Guilty pleasures

24 February,2009 06:19 AM IST |   |  Kavitha K

People who buy things using credit cards without having the money to pay for the bills are going to be worst hit during a recession


People who buy things using credit cards without having the money to pay for the bills are going to be worst hit during a recession

During an afternoon spent listing the discount sales on everything, from an automobile to an apartment, a friend made a pertinent point. Our guilty pleasures had turned some (okay, most) of us into good-hearted schemers, she observed wryly.

Guilty pleasures? With having too much credit thrust upon us, what other kind of pleasures were there, anyway?

Until very recently, didn't we go out for a coffee break and come back with a ridiculously priced trinket? Didn't we suffer moments of intense agony when conscience and closet collided? Wasn't our credit card the most abused substance? Didn't we set ourselves up for the giant fall?

Weathering the first severe economic downturn of our adult lives, we are discovering that a practice we once indulged in without thinking about it shopping when the mood struck us is now making us go through a personality makeover.

From spendthrifts, we are trying hard to turn into desi versions of Uncle Scrooge who must recession-proof everything from kirana lists to kiddie treats.

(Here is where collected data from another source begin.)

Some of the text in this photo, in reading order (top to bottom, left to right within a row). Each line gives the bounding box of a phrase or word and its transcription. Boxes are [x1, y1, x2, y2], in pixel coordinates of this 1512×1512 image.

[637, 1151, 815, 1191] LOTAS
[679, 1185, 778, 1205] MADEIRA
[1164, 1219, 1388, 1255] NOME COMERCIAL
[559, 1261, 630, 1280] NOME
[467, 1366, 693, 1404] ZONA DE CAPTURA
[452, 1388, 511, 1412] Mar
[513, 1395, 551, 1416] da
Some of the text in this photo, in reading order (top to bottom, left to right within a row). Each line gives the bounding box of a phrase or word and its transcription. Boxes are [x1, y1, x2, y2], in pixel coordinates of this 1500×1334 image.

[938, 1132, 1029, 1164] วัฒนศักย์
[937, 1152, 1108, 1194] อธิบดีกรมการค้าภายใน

Described as a kanjoos all her life, an aunt who brought up seven kids on a monthly budget of Rs 580 put things in perspective when she defined the difference between people who are frugal and those who are, well, kanjoos.

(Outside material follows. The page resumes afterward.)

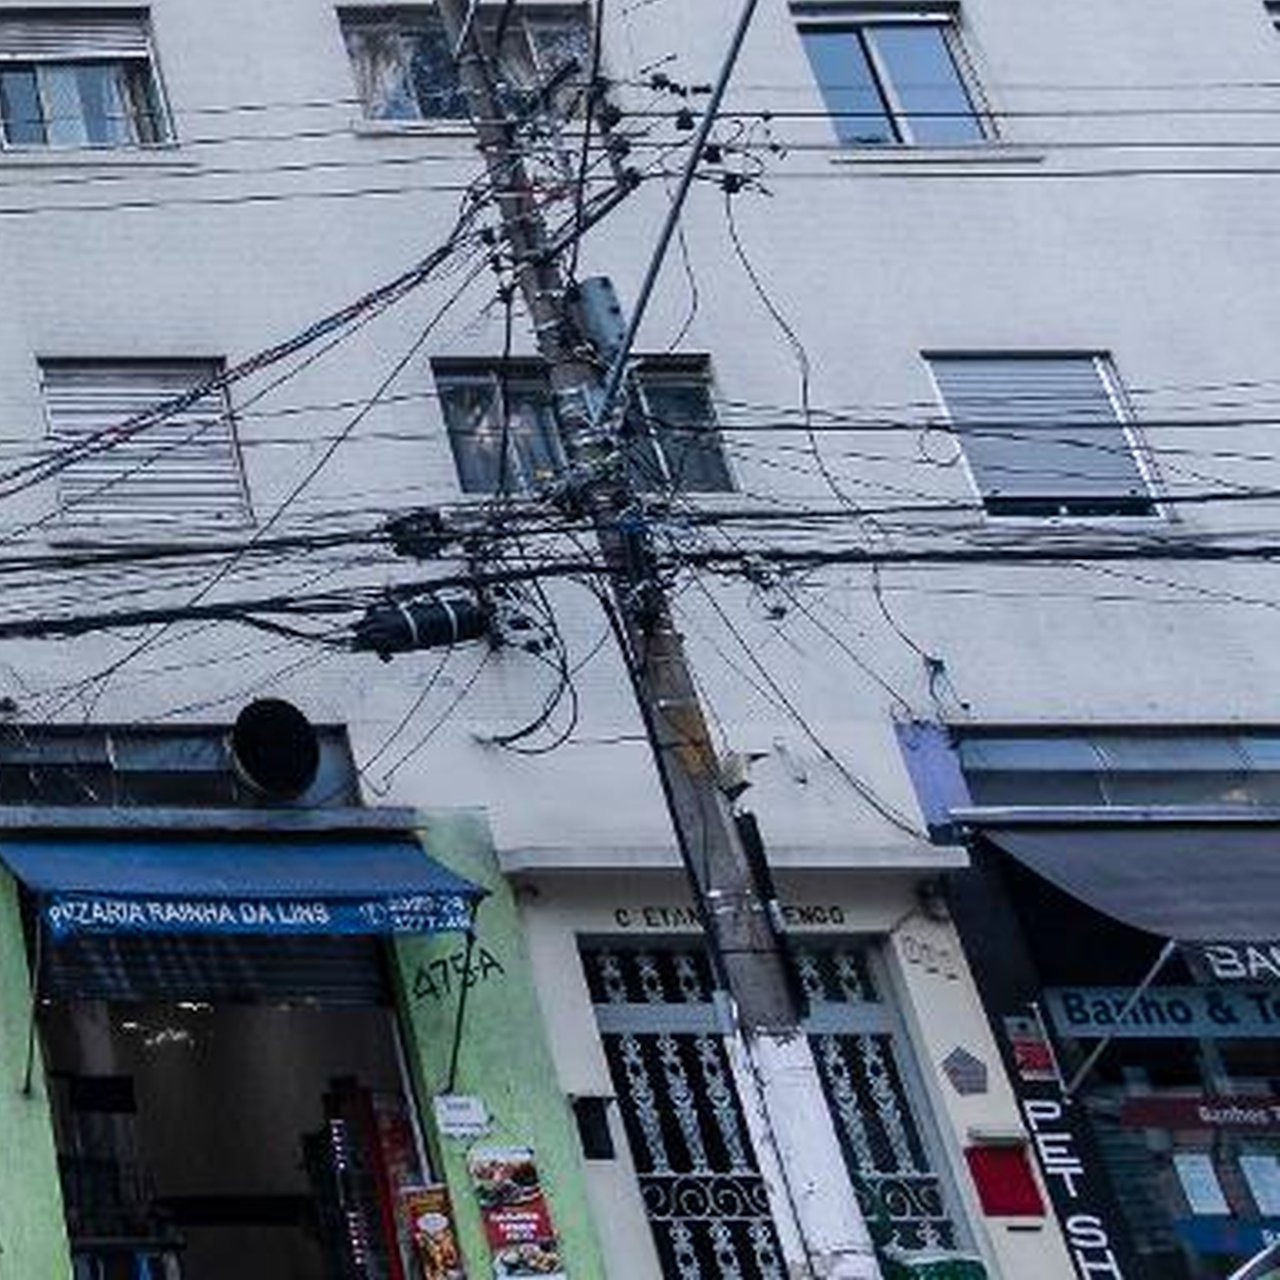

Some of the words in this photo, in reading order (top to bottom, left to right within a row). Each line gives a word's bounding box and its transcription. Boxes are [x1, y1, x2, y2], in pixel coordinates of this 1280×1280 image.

"Frugal people are happy because they sensibly calculate the benefits of what they spend on and what they save on. Kanjoos folks are not happy. They pass up purchases not because they enjoy saving money, but because they hate to part with it. They do without things they could afford that would genuinely improve their lives," she said.

Glad that her recession-hit NRI nephews were finally seeing the shopping list through her eyes, she warmed to the theme. "Before the invasion of the malls and the ATMs ('Not quite the Jurassic Age', she clarified, when my 9-year-old's eyes grew round in wonder), people did most of their shopping in shops and they paid with cash."
This meant that unless you had money in hand, you didn't go around treating yourself to gizmos or holidays when the urge struck you, or worse, when you were plain bored.

Or better still, you didn't go around spending the money you did not have. Had we possessed such robust common sense (derided as conservatism by many) we wouldn't be tumbling down the slippery slope of self-induced poverty. Instead, we recklessly redefined risk and responsibility.

We cheerfully lit the fuse, so why are we now running for cover?